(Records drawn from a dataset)
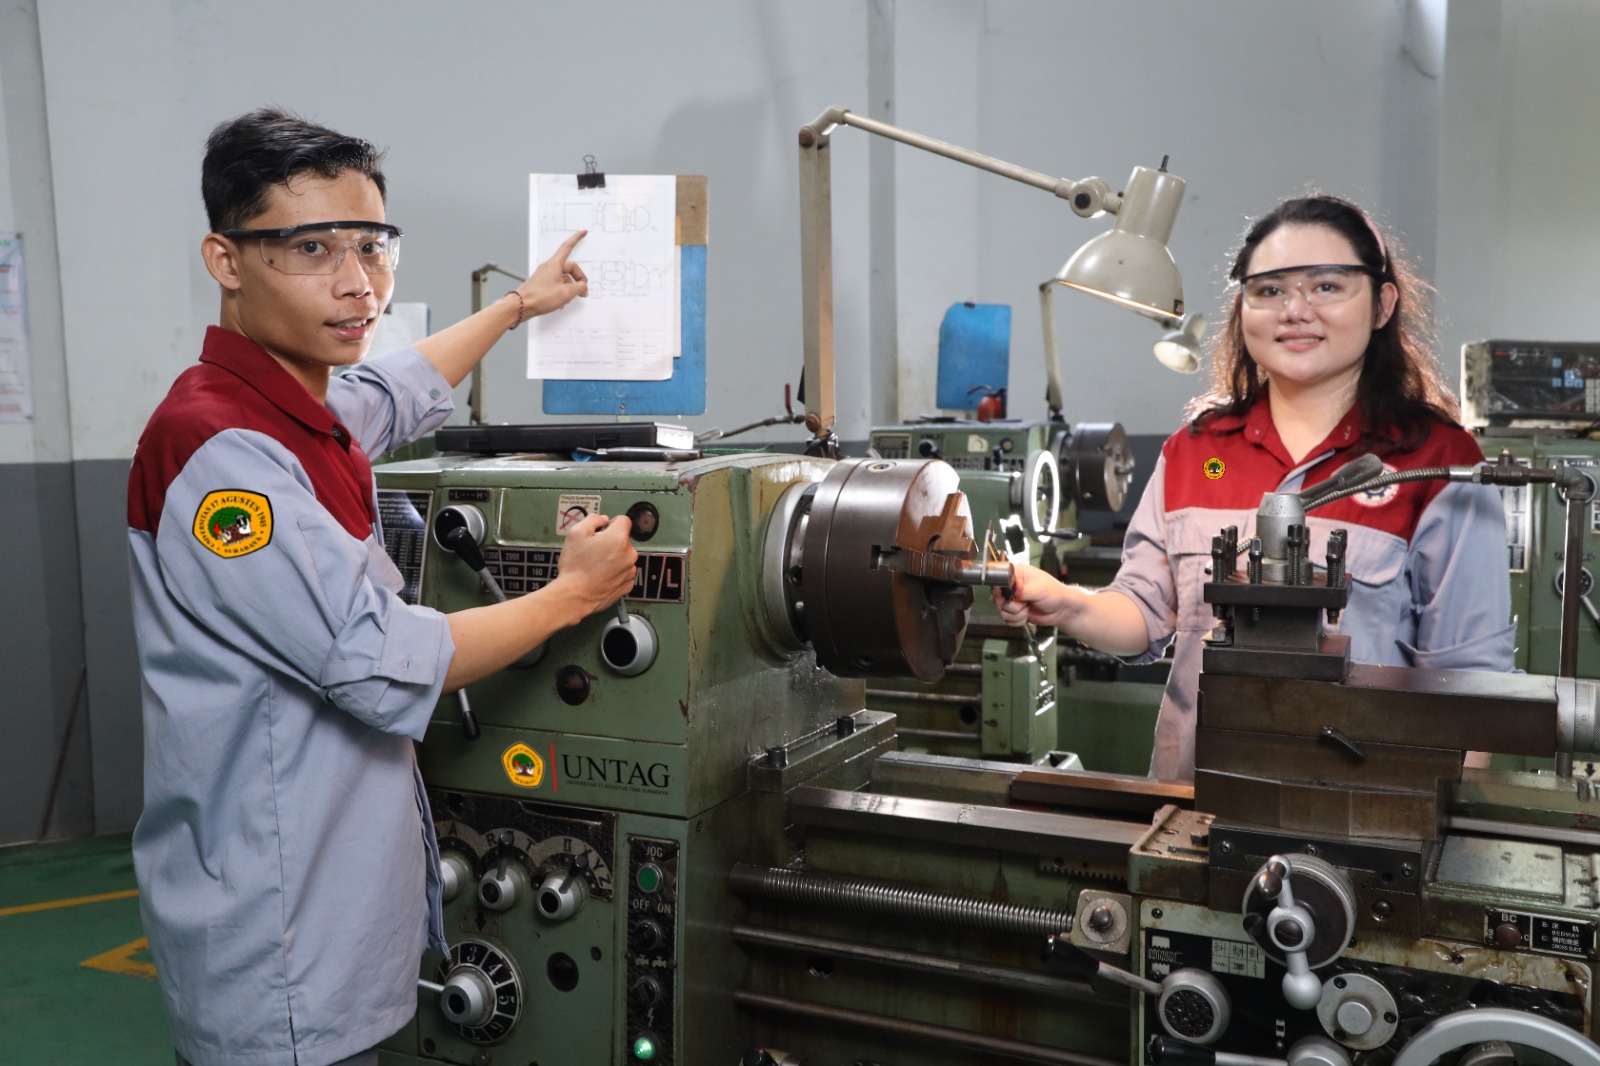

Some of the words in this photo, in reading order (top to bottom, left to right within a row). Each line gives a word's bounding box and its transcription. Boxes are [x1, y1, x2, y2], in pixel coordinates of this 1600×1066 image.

[211, 500, 219, 509] 17
[220, 496, 261, 512] AGUSTUS
[257, 511, 267, 528] 1945
[224, 537, 262, 554] SURABAYA
[533, 553, 545, 562] 650
[532, 567, 543, 576] 160
[667, 568, 679, 588] L
[531, 582, 540, 590] 35
[561, 753, 671, 788] UNTAG
[486, 832, 498, 847] R
[645, 847, 663, 858] JOG
[632, 898, 650, 910] OFF
[657, 903, 671, 914] ON
[1502, 913, 1517, 923] BC
[466, 945, 478, 962] 3
[488, 963, 503, 977] 4
[498, 995, 515, 1006] 5
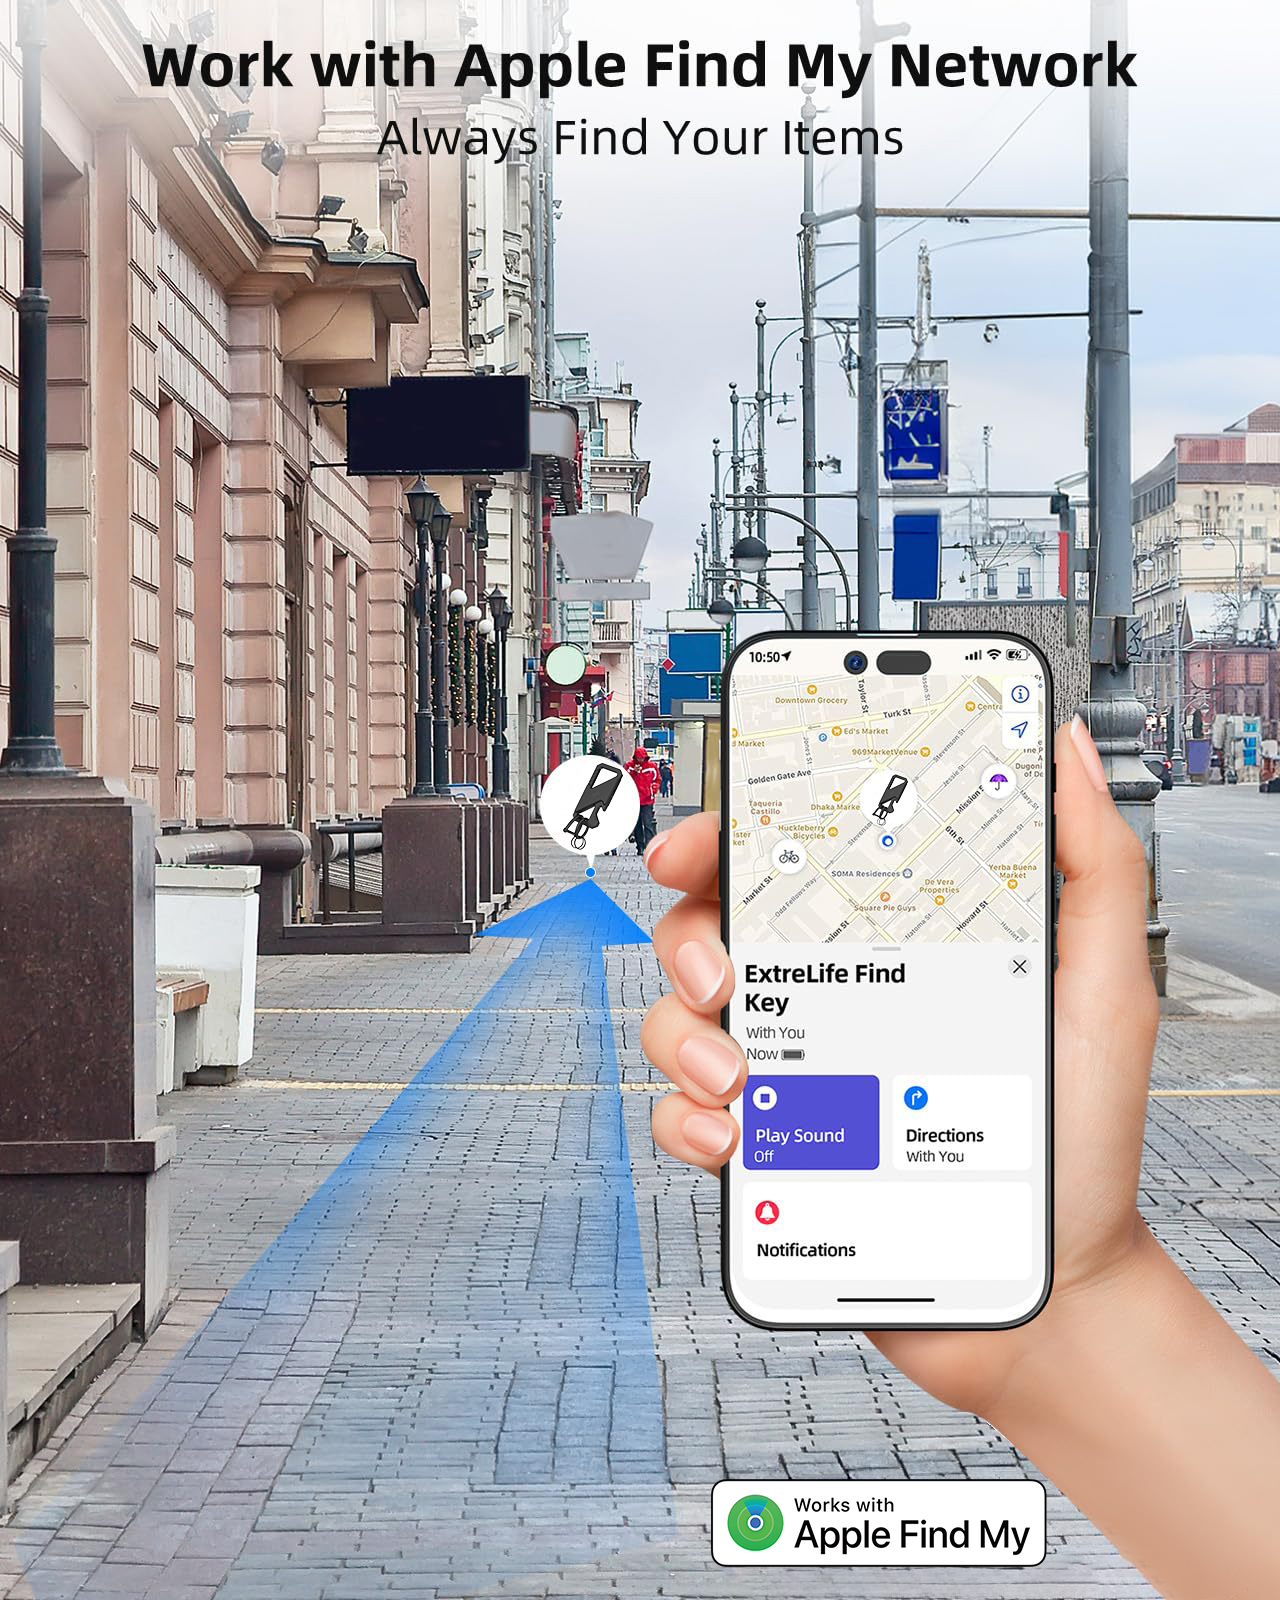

### What the exercise asks
Copy out the lines above unchanged. Skip the images.

### Solution for this problem
Some of the words in this photo, in reading order (top to bottom, left to right within a row). Each line gives a word's bounding box and its transcription. Boxes are [x1, y1, x2, y2], in pixel coordinates of this 1600×1066 image.

[211, 500, 219, 509] 17
[220, 496, 261, 512] AGUSTUS
[257, 511, 267, 528] 1945
[224, 537, 262, 554] SURABAYA
[533, 553, 545, 562] 650
[532, 567, 543, 576] 160
[667, 568, 679, 588] L
[531, 582, 540, 590] 35
[561, 753, 671, 788] UNTAG
[486, 832, 498, 847] R
[645, 847, 663, 858] JOG
[632, 898, 650, 910] OFF
[657, 903, 671, 914] ON
[1502, 913, 1517, 923] BC
[466, 945, 478, 962] 3
[488, 963, 503, 977] 4
[498, 995, 515, 1006] 5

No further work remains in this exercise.